Тот, кто умеет и хочет учиться у Природы, знает, как велика сила жизни.
Зеленые росточки, как юные воины, поднимаются на защиту жизни в таких местах, где, казалось бы, нет никакой надежды на ее возрождение.
Вот семечко травы Бескильницы или другой — Мари красной. Вместе с крохотным комочком почвы попали они в кучу шлака или на холмик горного отвала. Семечко пустит корни,
вверх потянется тонкий стебелек. Медленно, но настойчиво травинки начнут завоевывать жизненное пространство.
В других местах это же проделывают Пырей, Овсяница луговая, Тимофеевка, Ежа сборная, Красный клевер.
А если этим травам помочь? Покрыть брошенную породу тонким слоем почвы, добавить торф, удобрение...
Так поступили защитники Природы на некоторых испорченных землях Урала. Понадобились годы труда. Вслед за травами посадили деревья: березу, ель, иву, сосну. Появились здесь и цветущие кусты шиповника, можжевельник, черемуха.
Сюда прилетели бабочки, жуки. На них охотятся птицы. В земле закопошились черви, мыши.
Жизнь победила.
Человек многое может! Он не только губитель Природы. Он может и должен быть ее садовником, творцом, ее лекарем, верным сыном, умножающим, а не расхищающим богатства своего дома.
ТИОБАЦИЛЛУС ФЕРРОКСИДАНС
Я хочу познакомить вас еще с одним жителем нашего большого дома — планеты Земля.
Видите, какое у него важное и длинное имя: Тио-ба-цил-лус Фер-ро-кси-данс! Будто он прибыл откуда-то с Марса или даже из другой галактики, а не живет рядом с нами со всеми, по соседству с кротами, мышами и одуванчиками.
Но у него не только имя, не похожее на знакомые вам. Он отличается и многим другим. Нет у него ни пышной шкурки, ни рогов, содержащих целебные вещества, ни жирной печени, как у кита.
Поэтому на него никто не охотится с ружьем или гарпунной пушкой. И он не взывает о помощи. Самый тонкий слух самого горячего защитника Природы никогда не слышал жалоб Тиобациллуса Ферроксиданса.
Он так ловко устроен и так подвижен, что без помощи человека находит себе отличные местожительства и обильную пищу.
А если б умел думать, то давно бы посмеялся над человеком.
Он мог бы сказать: «Послушай, друг!
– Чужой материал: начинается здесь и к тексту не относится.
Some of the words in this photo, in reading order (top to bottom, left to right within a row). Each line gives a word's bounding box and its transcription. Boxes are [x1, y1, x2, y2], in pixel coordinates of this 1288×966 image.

Я здесь! Я рядом... Я готов служить тебе...
Почему же ты не обращаешь на меня внимания? Я-то в тебе не нуждаюсь... А ты? Рано или поздно ты поймешь, как я тебе необходим. Чем скорее это произойдет, тем будет лучше для тебя и твоего потомства».
Но, сказав эти слова, Тио-бациллус Ферроксиданс оставался бы по-прежнему неуловимым, такова уж его суть!
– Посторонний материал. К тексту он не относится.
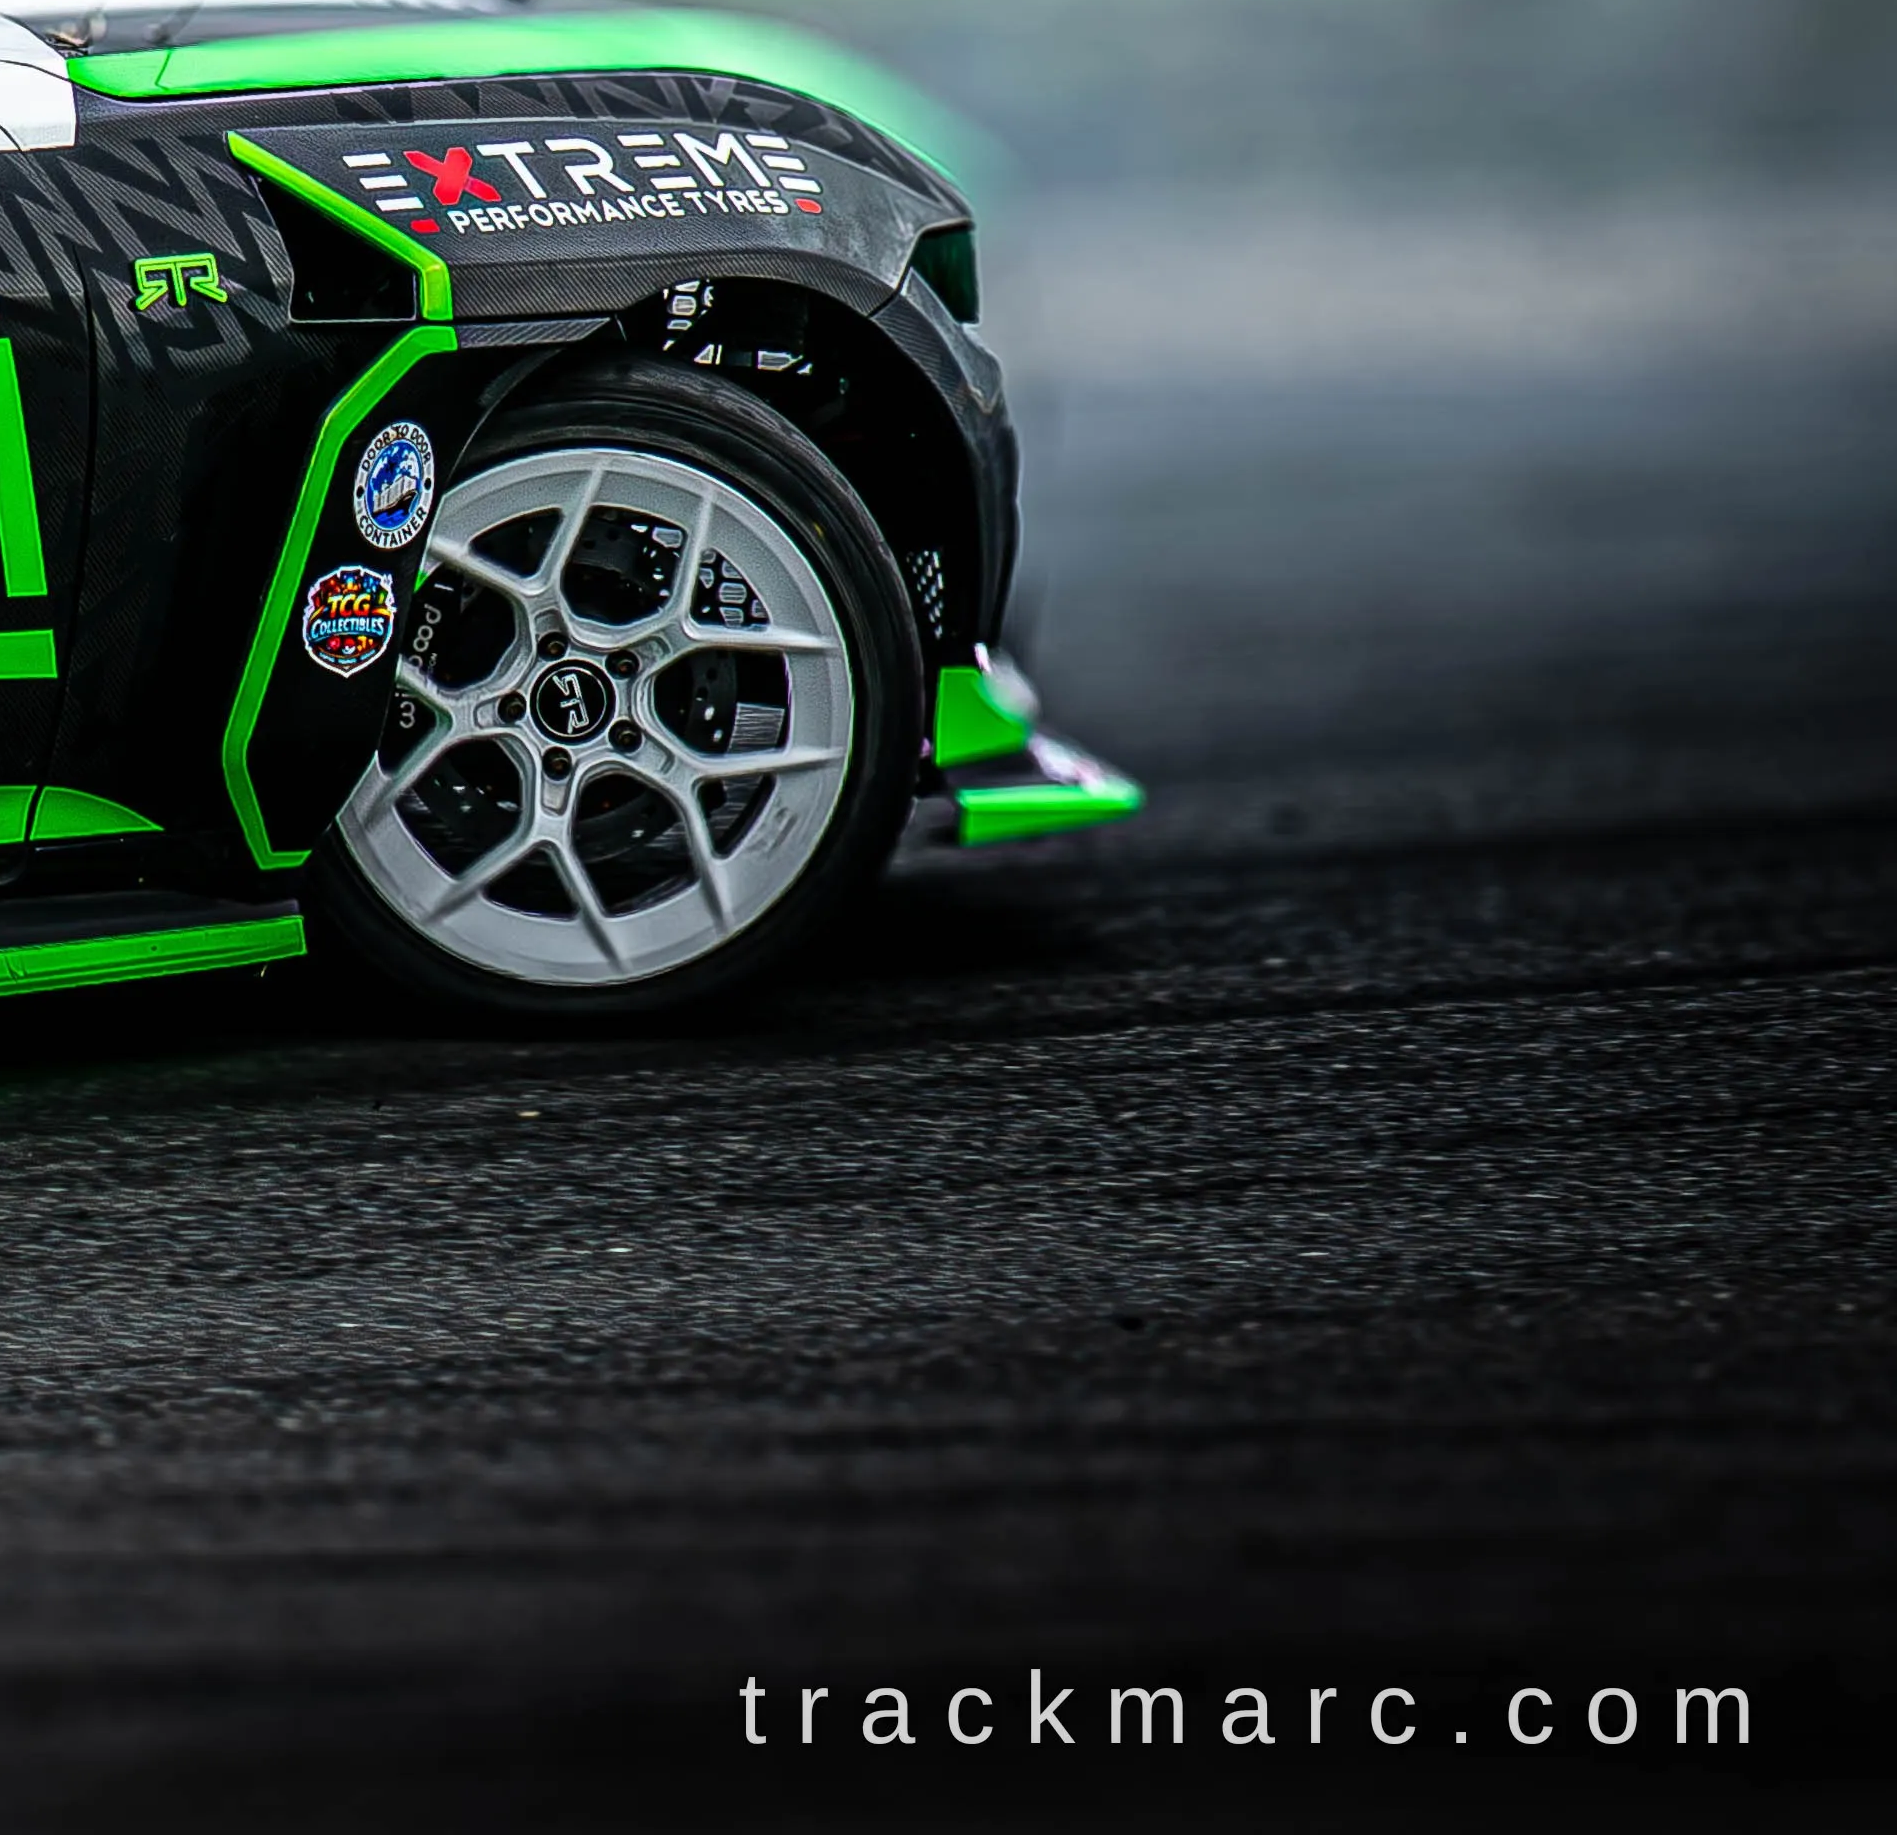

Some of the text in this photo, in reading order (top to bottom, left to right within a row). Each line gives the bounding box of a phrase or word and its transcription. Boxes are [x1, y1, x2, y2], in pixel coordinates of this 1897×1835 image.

[342, 131, 822, 214] EXTREME
[446, 189, 790, 235] PERFORMANCE TYRES
[361, 431, 391, 472] DOOR
[410, 428, 431, 465] DOOR
[359, 507, 427, 547] CONTAINER
[327, 593, 372, 618] TCG
[310, 616, 386, 639] COLLECTIBLES
Вы, наверное, догадались, что речь идет об одном из невидимых обитателей земли — микробе.
Долгое время этот микроб не был известен. Но наконец в 1947 году попался! И вот его портрет. Присмотритесь к этой палочке со жгутиком... Внешность маловыразительная...
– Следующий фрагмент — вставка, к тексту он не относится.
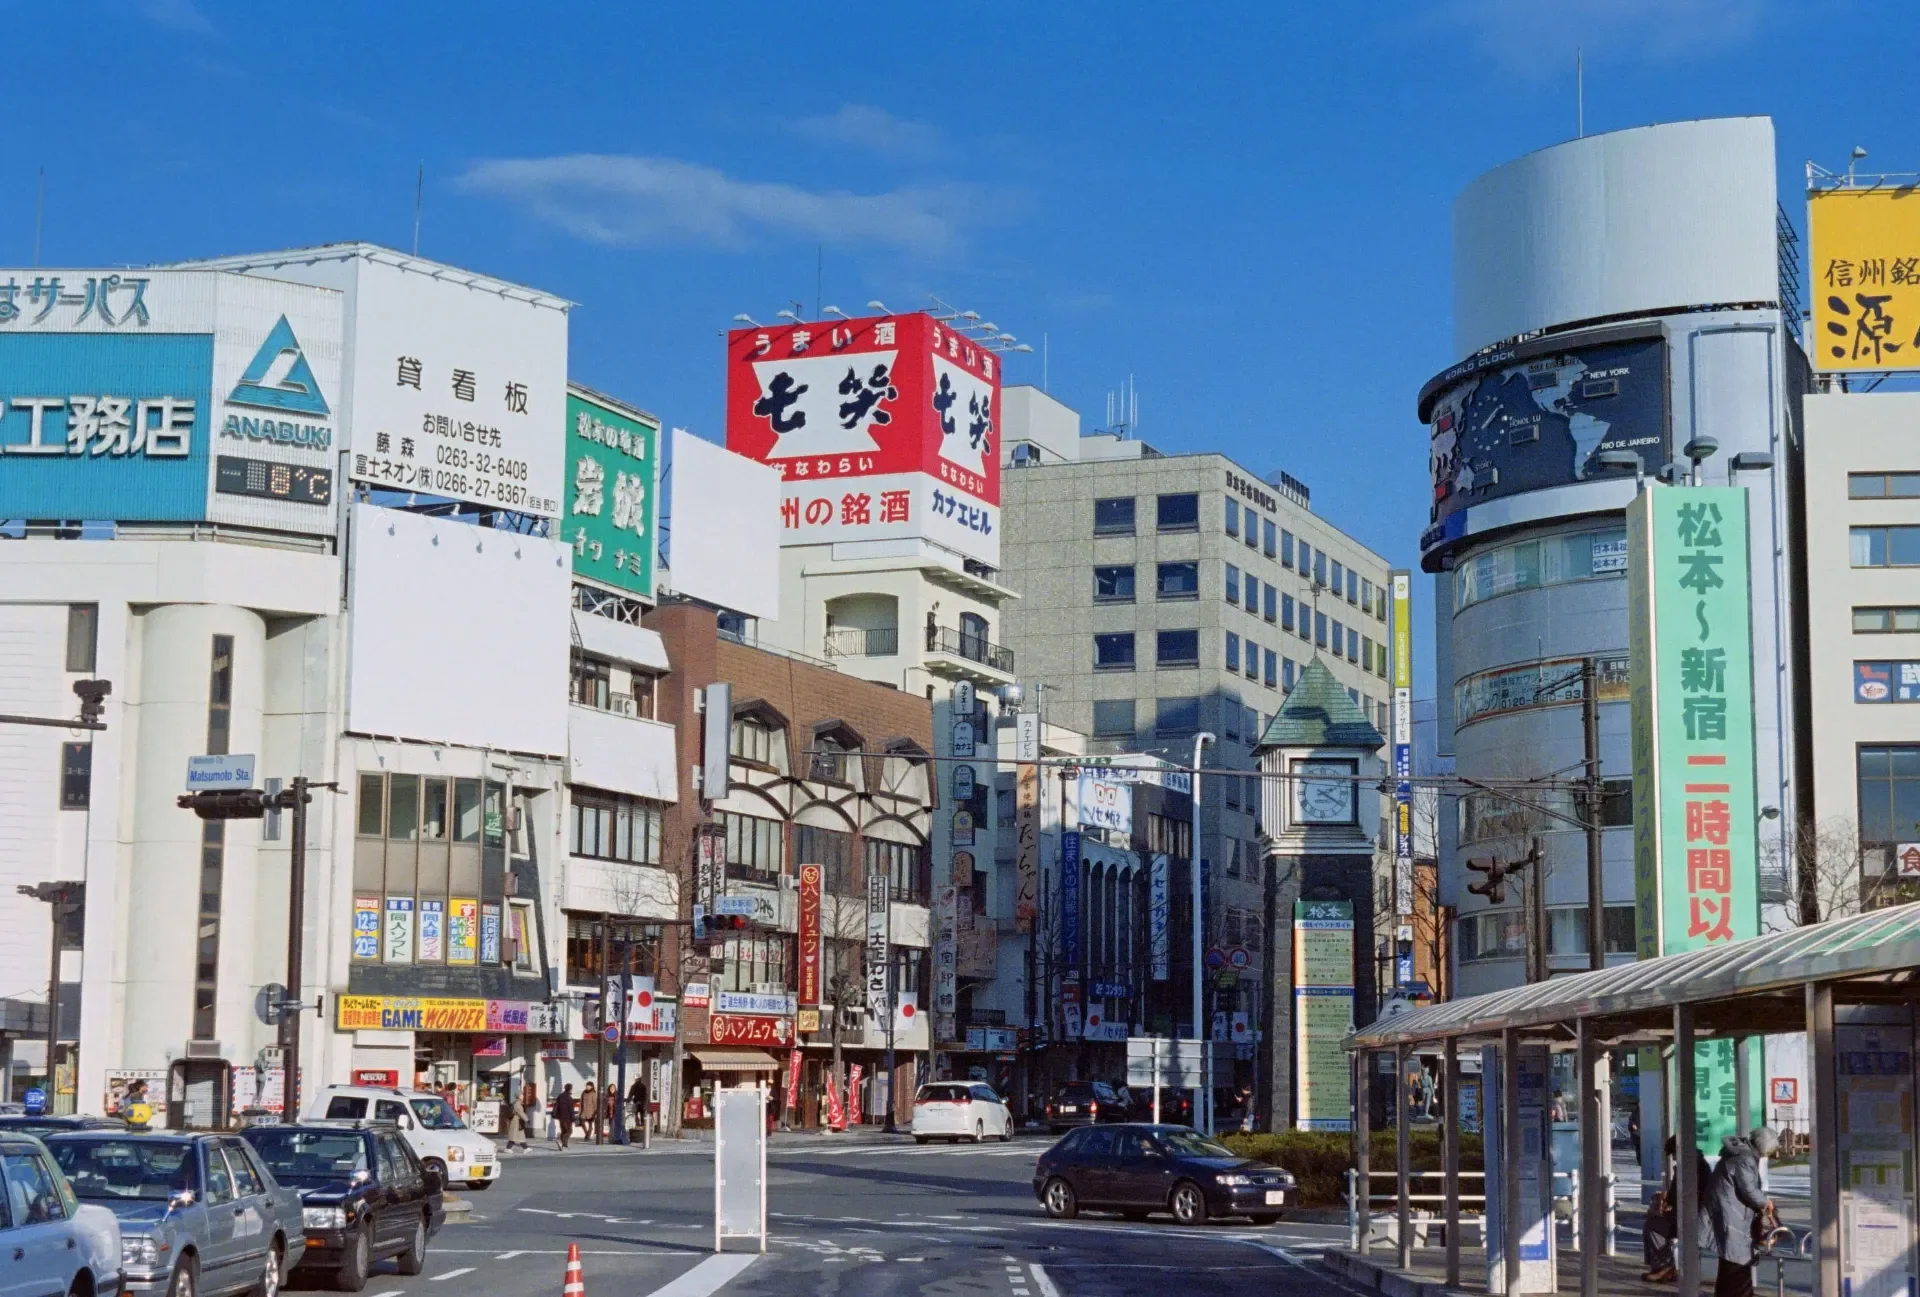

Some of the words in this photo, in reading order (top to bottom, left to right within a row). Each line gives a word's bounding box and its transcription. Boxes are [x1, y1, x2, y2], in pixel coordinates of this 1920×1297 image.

[1824, 257, 1920, 288] 信州銘
[755, 322, 897, 354] うまい酒
[1826, 292, 1920, 365] 源
[932, 326, 993, 380] うまい酒
[1445, 363, 1475, 380] WORLD
[1478, 350, 1515, 367] CLOCK
[396, 355, 529, 415] 貸看板
[1590, 371, 1607, 379] NEW
[1609, 367, 1629, 376] YORK
[0, 395, 196, 456] 工務店
[222, 415, 332, 448] ANABUKI
[423, 412, 502, 449] お問い合せ先
[1601, 441, 1614, 450] RIO
[1616, 440, 1626, 448] DE
[1627, 436, 1660, 447] JANEIRO
[376, 431, 415, 460] 藤森
[436, 444, 529, 482] 0263-32-6408
[436, 470, 528, 507] 0266-27-8367
[781, 490, 911, 529] 州の銘酒
[932, 488, 993, 536] カナエビル
[1023, 720, 1032, 757] カナエビル
[190, 769, 232, 782] Matsumoto
[1896, 846, 1920, 873] 食
[802, 885, 819, 954] ハンリュウ
[1306, 905, 1343, 919] 松本
[389, 912, 407, 959] 同人ソフト
[382, 1008, 424, 1028] GAME
[424, 1008, 485, 1029] WONDER
Это вам не зубр и не слон, по одному виду которого можно определить силу и могущество животного.
Между тем на счету Тиобациллуса Ферроксиданса много заслуг. Но в смысле признания он разделил участь других микроскопических организмов.
Разве знали древние египтяне, что в изготовлении вкусного пива им помогают невидимки? А ведь без работы микробов в пивоварении не обойтись. Так же, как без дрожжей не испечь пышного хлеба.
А дрожжевые грибки — тоже микроскопические организмы, как и другие грибки, которые превращают молоко в простоквашу.
Все это: и кислое молоко, и пышный хлеб, и пиво — люди изготовляли тысячи лет назад.
Прежде чем приняться за то или иное дело, люди обращались к звездам. Искали в расположении звезд указания: время ли им сеять, собирать урожай или отправляться в дальний путь? Просили помощи у воображаемых фей, домовых, леших. Приносили им жертвы в благодарность за удачи.
И не подозревали о реальных, а не выдуманных добрых помощниках, живущих не на далеких звездах, а совсем близко... Ими были крохотные комочки жизни. Теперь мы знаем, как они выглядят, они совсем не похожи на крылатых фей и косматых домовых...
Прошли тысячелетия, прежде чем люди заглянули в странный, никому до этого не ведомый мир. Он был отделен от нас такой же, как его обитатели, невидимой стеной. Потребовалось прорубить в ней окошко. И мир стал видимым.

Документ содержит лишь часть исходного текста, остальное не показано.